EXERCISE DETAILS:
Transcribe the records verbatim, images excluded.

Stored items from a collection
__________
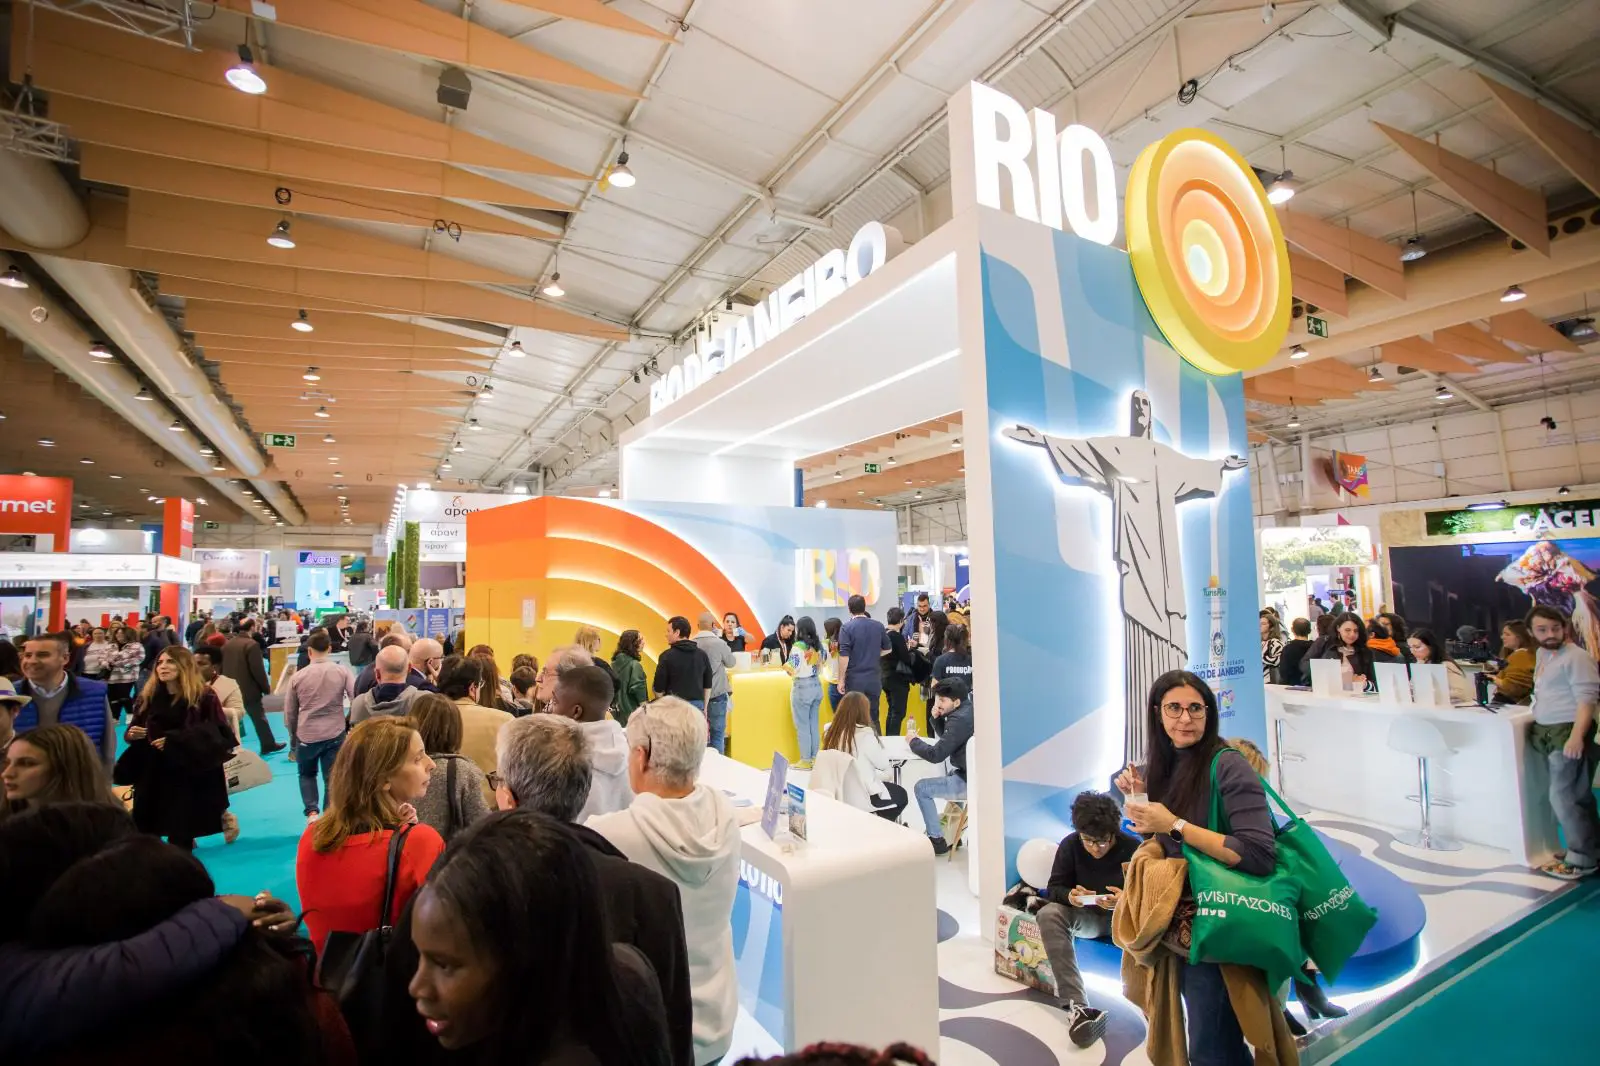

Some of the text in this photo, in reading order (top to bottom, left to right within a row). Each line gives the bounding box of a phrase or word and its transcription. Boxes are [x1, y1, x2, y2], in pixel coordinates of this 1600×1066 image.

[971, 80, 1118, 246] RIO
[650, 365, 684, 416] RIO
[724, 220, 887, 371] JANEIRO
[0, 499, 57, 514] met
[795, 547, 881, 608] RIO
[1206, 668, 1217, 679] DE
[1217, 665, 1245, 677] JANEIRO
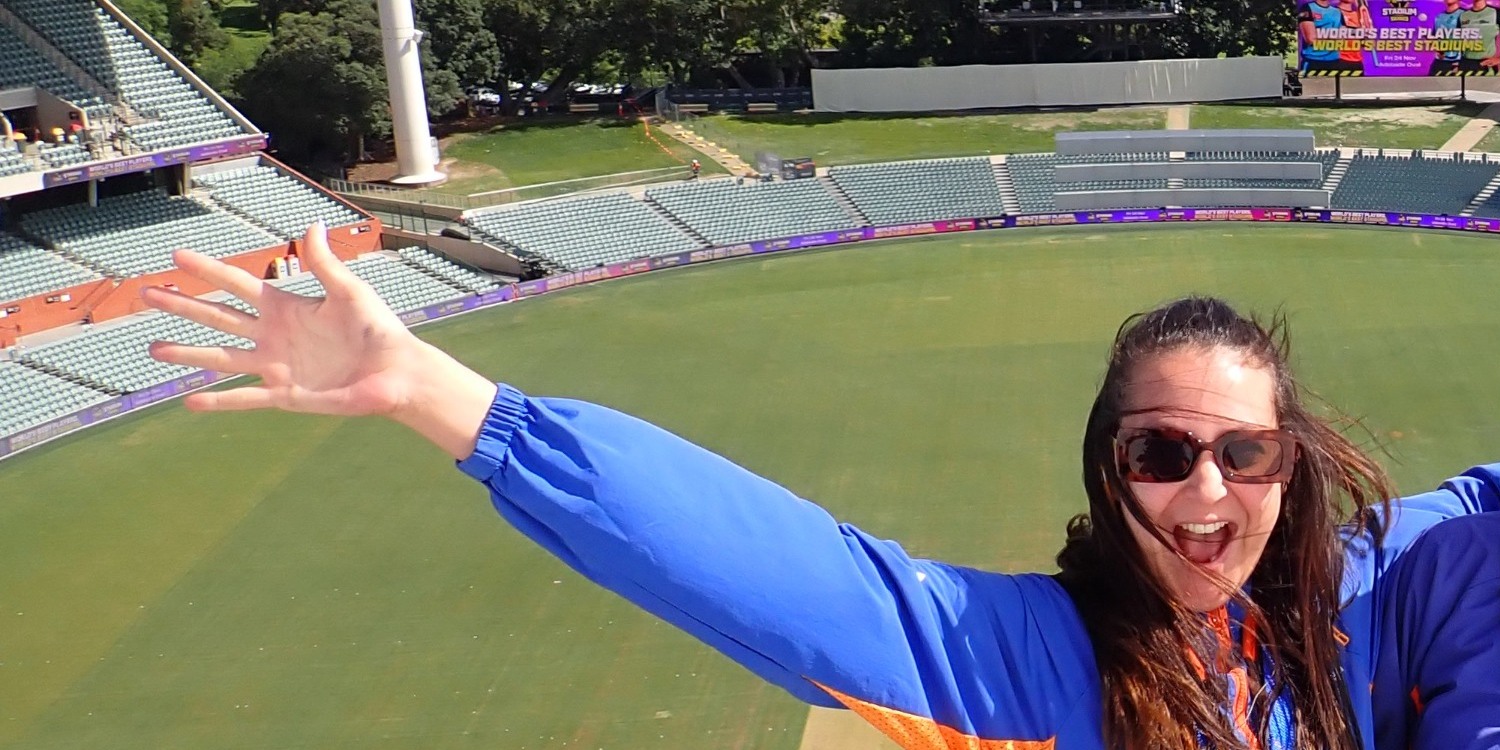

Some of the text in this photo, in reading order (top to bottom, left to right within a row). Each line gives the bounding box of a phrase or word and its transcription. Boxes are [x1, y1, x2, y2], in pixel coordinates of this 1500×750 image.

[1382, 8, 1417, 16] STADIUM
[1316, 28, 1482, 39] WORLD'S BEST PLAYERS.
[1313, 40, 1374, 51] WORLD'S
[1377, 40, 1411, 51] BEST
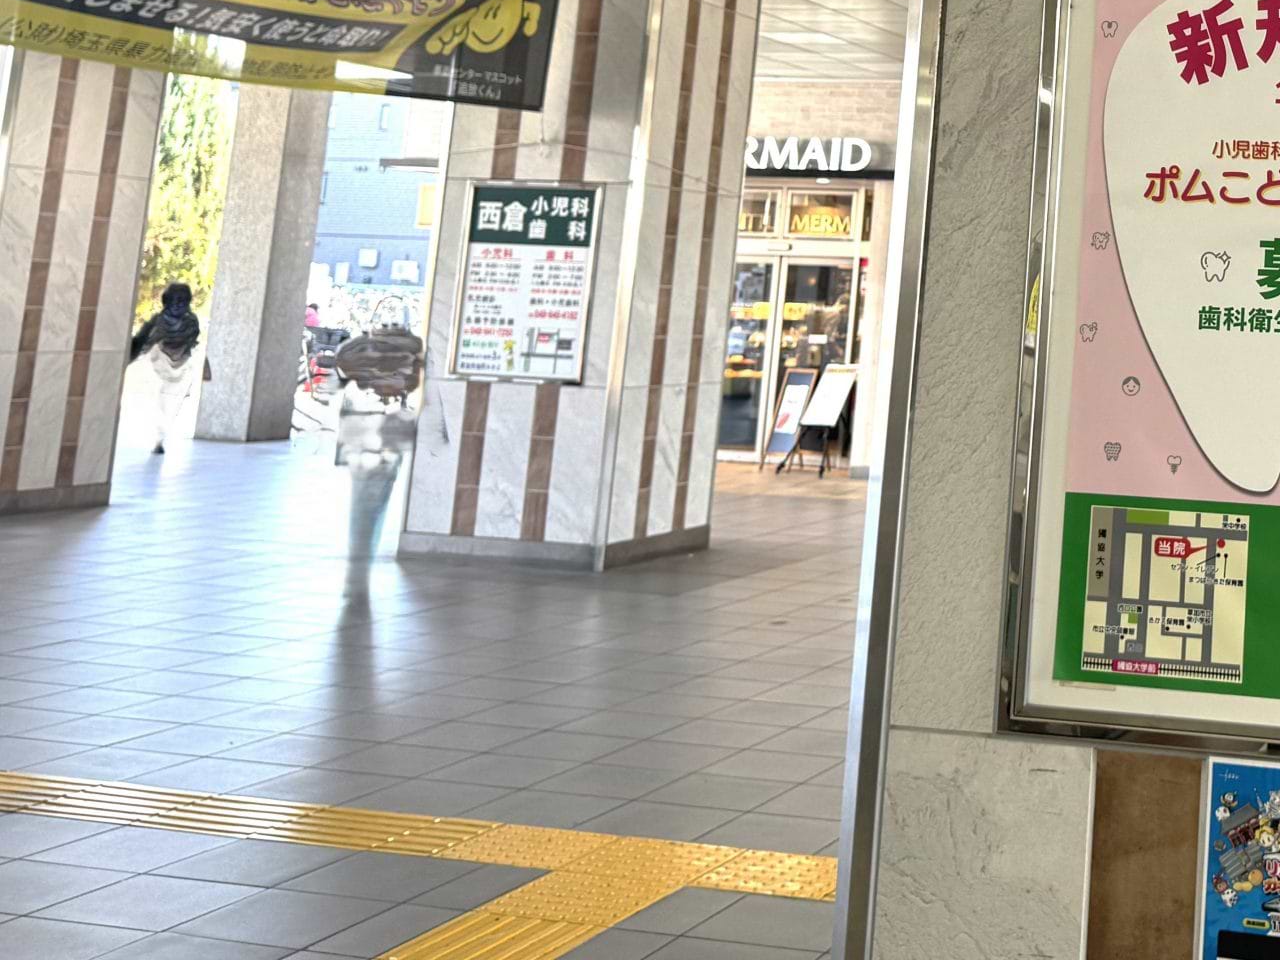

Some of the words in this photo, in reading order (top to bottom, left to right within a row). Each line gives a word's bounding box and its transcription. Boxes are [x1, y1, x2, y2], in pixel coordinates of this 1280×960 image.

[477, 200, 528, 233] 西倉
[531, 195, 590, 219] 小児科
[1158, 541, 1186, 555] 当院
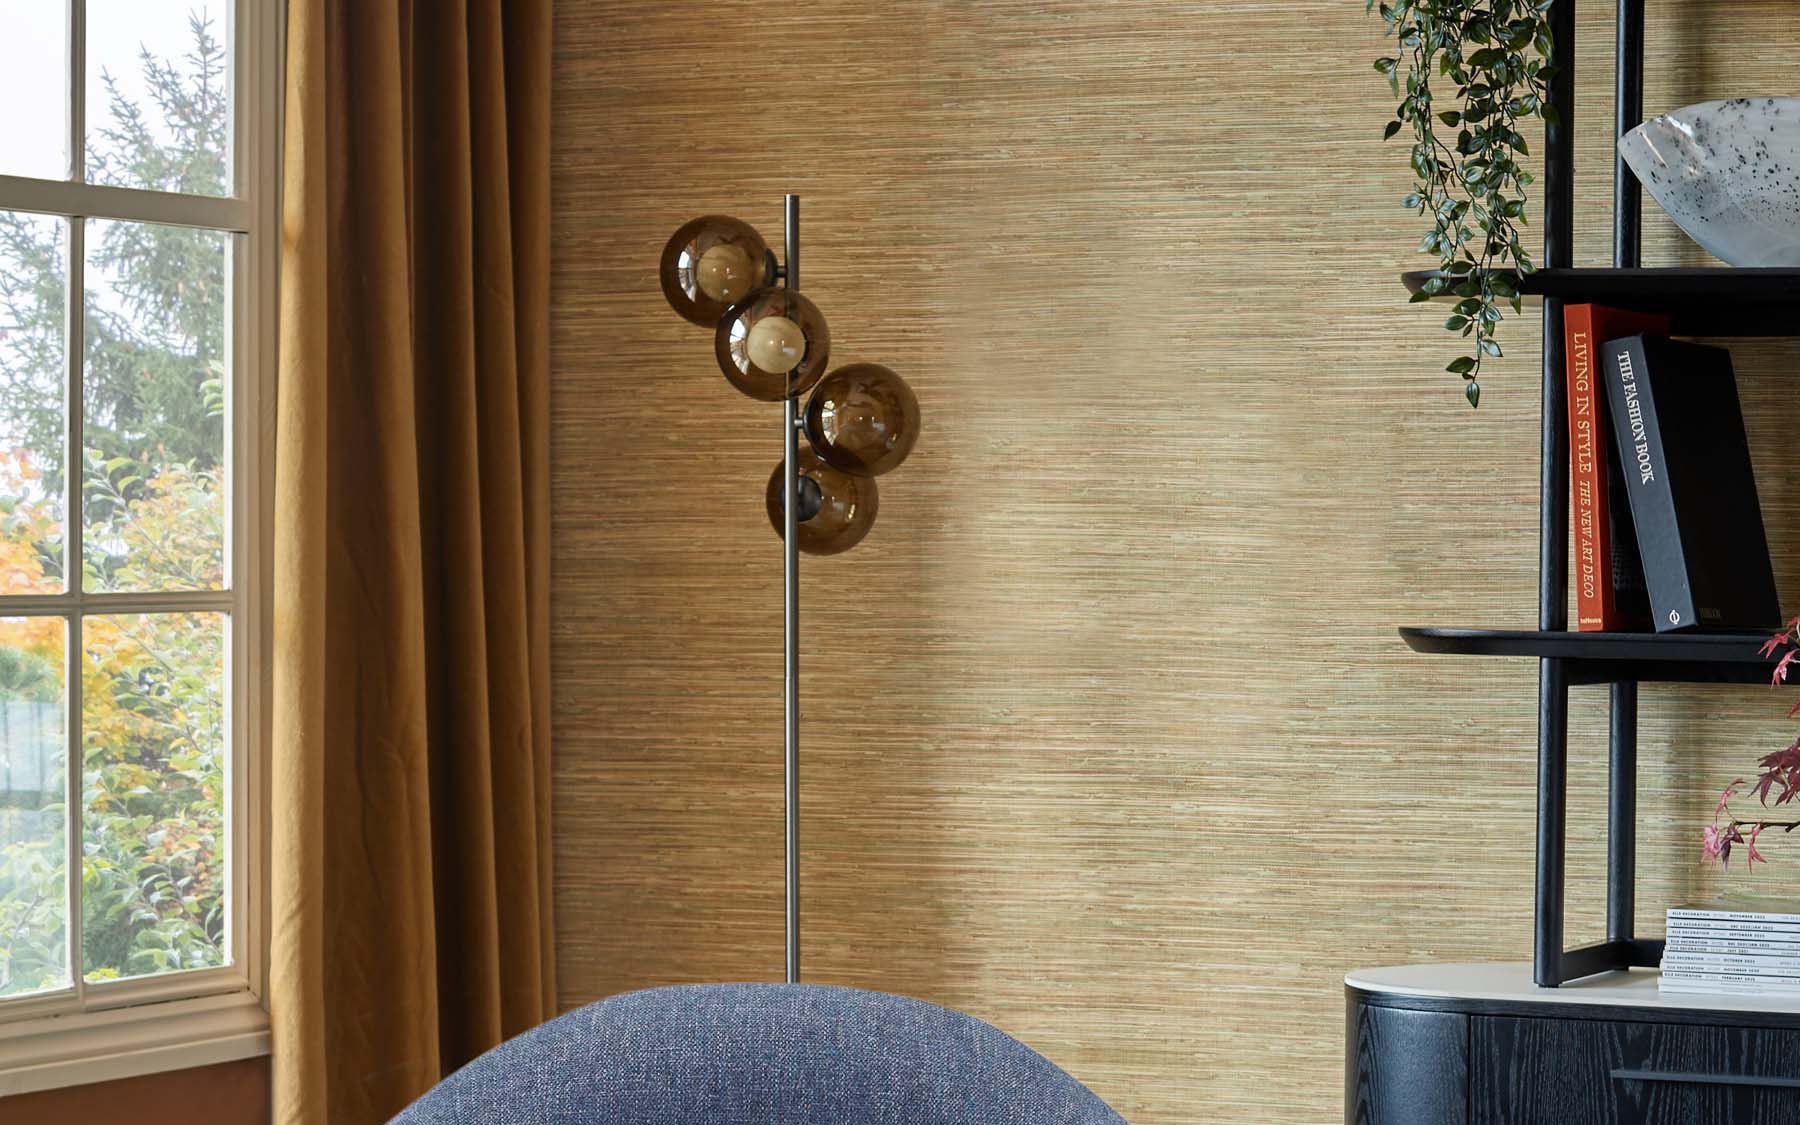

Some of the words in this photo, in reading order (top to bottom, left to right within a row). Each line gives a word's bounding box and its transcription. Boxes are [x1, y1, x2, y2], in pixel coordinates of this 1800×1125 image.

[1573, 332, 1588, 392] LIVING
[1617, 350, 1634, 382] THE
[1576, 396, 1589, 416] IN
[1624, 382, 1647, 441] FASHION
[1577, 420, 1591, 473] STYLE
[1635, 442, 1655, 485] BOOK
[1579, 480, 1591, 507] THE
[1580, 509, 1592, 539] NEW
[1582, 539, 1593, 564] ART
[1583, 563, 1595, 598] DECO
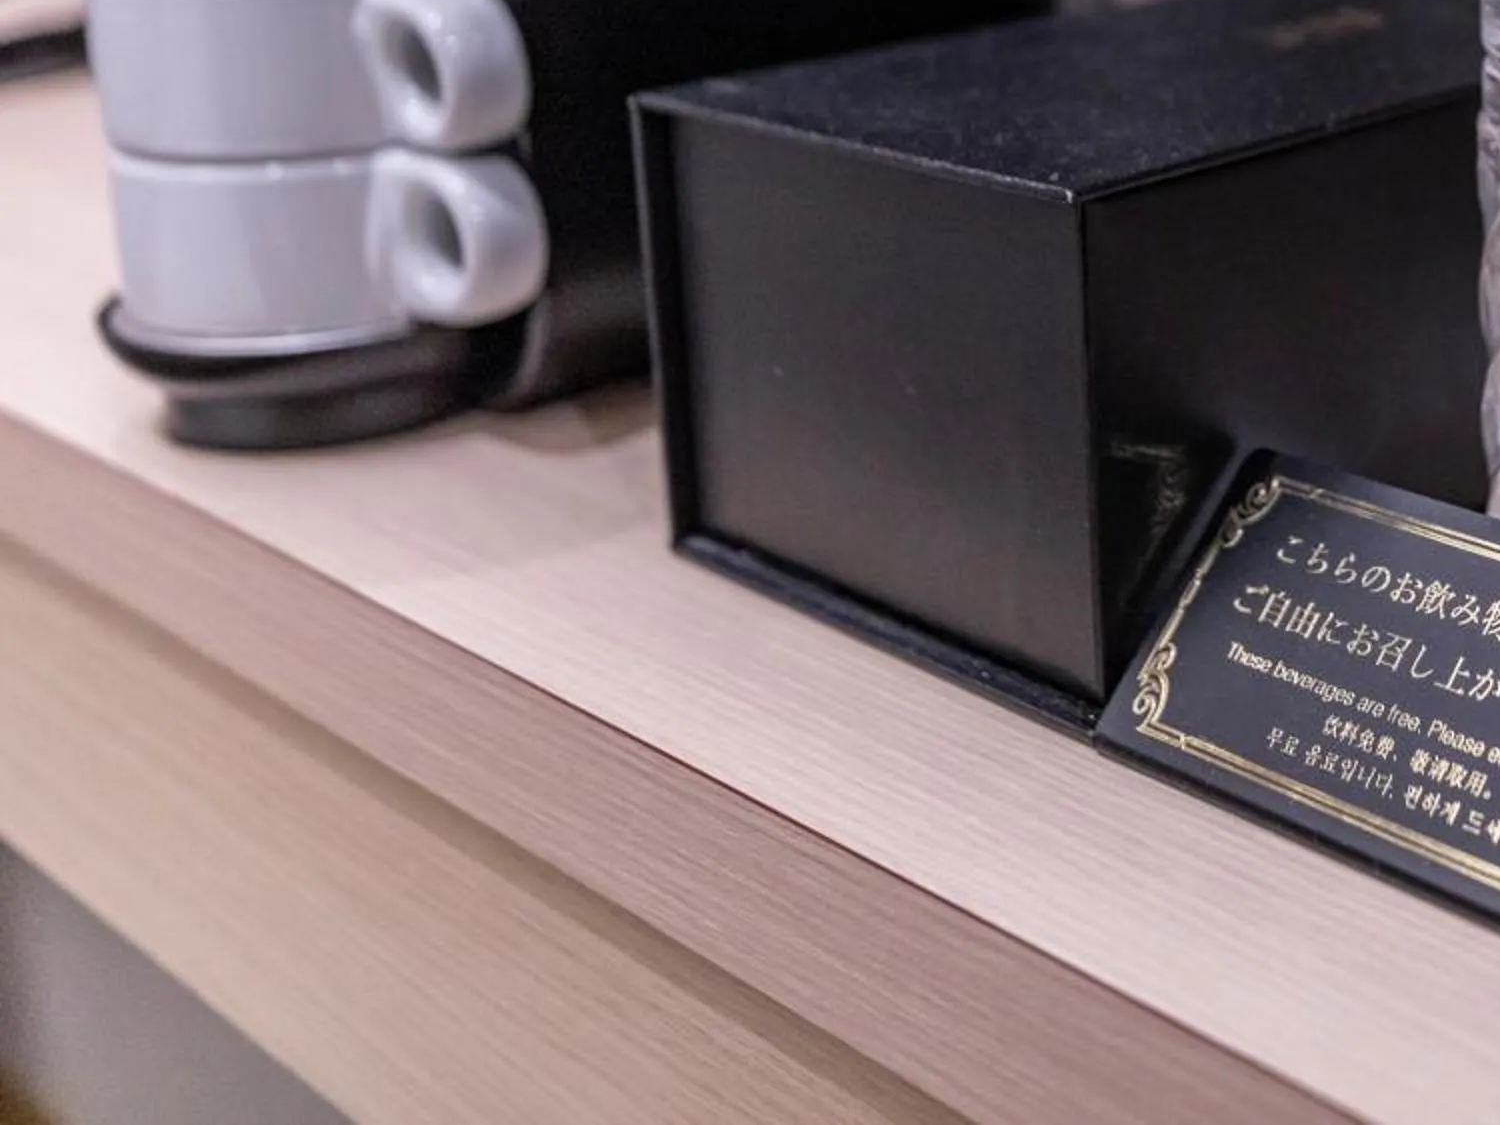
__________
RESULT FOR THIS TASK:
Some of the text in this photo, in reading order (top to bottom, left to right within a row). Each line gives the bounding box of a phrase or word and its transcription. Boxes are [x1, y1, x2, y2], in pixel coordinates of this 1600×1066 image.

[971, 80, 1118, 246] RIO
[650, 365, 684, 416] RIO
[724, 220, 887, 371] JANEIRO
[0, 499, 57, 514] met
[795, 547, 881, 608] RIO
[1206, 668, 1217, 679] DE
[1217, 665, 1245, 677] JANEIRO

Some of the text in this photo, in reading order (top to bottom, left to right within a row). Each line gives the bounding box of a phrase or word and its transcription. Boxes are [x1, y1, x2, y2], in pixel coordinates of this 1500×750 image.

[1382, 8, 1417, 16] STADIUM
[1316, 28, 1482, 39] WORLD'S BEST PLAYERS.
[1313, 40, 1374, 51] WORLD'S
[1377, 40, 1411, 51] BEST

Some of the words in this photo, in reading order (top to bottom, left to right within a row). Each line gives a word's bounding box and its transcription. Boxes are [x1, y1, x2, y2], in pixel coordinates of this 1280×960 image.

[477, 200, 528, 233] 西倉
[531, 195, 590, 219] 小児科
[1158, 541, 1186, 555] 当院

Some of the words in this photo, in reading order (top to bottom, left to right within a row). Each line gives a word's bounding box and its transcription. Boxes are [x1, y1, x2, y2], in pixel coordinates of this 1800×1125 image.

[1573, 332, 1588, 392] LIVING
[1617, 350, 1634, 382] THE
[1576, 396, 1589, 416] IN
[1624, 382, 1647, 441] FASHION
[1577, 420, 1591, 473] STYLE
[1635, 442, 1655, 485] BOOK
[1579, 480, 1591, 507] THE
[1580, 509, 1592, 539] NEW
[1582, 539, 1593, 564] ART
[1583, 563, 1595, 598] DECO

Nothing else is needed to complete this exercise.